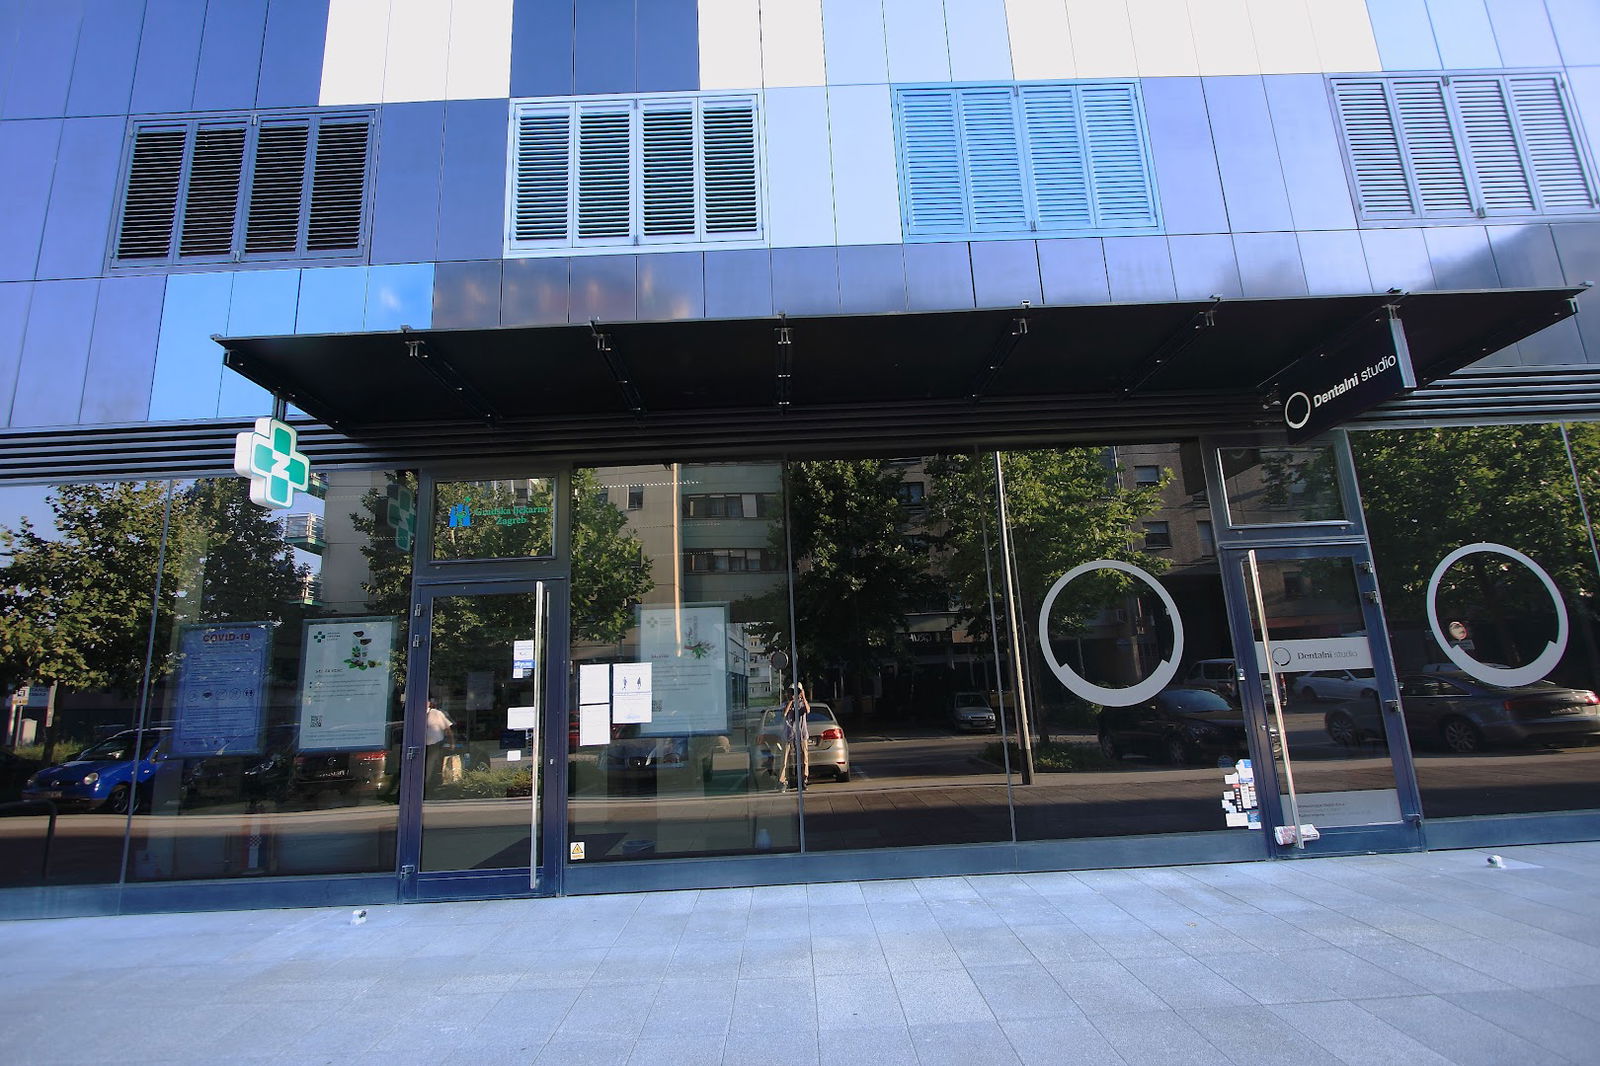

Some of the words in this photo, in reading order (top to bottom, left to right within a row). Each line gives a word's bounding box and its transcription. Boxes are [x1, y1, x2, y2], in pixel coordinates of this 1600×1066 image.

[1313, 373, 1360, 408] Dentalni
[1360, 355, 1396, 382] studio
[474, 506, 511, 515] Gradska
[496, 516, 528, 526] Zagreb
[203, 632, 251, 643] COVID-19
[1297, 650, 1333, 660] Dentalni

•••••

Each line above should be output exactly, apart from the pictures.

Some of the words in this photo, in reading order (top to bottom, left to right within a row). Each line gives a word's bounding box and its transcription. Boxes are [x1, y1, x2, y2], in pixel coordinates of this 1600×1066 image.

[1313, 373, 1360, 408] Dentalni
[1360, 355, 1396, 382] studio
[474, 506, 511, 515] Gradska
[496, 516, 528, 526] Zagreb
[203, 632, 251, 643] COVID-19
[1297, 650, 1333, 660] Dentalni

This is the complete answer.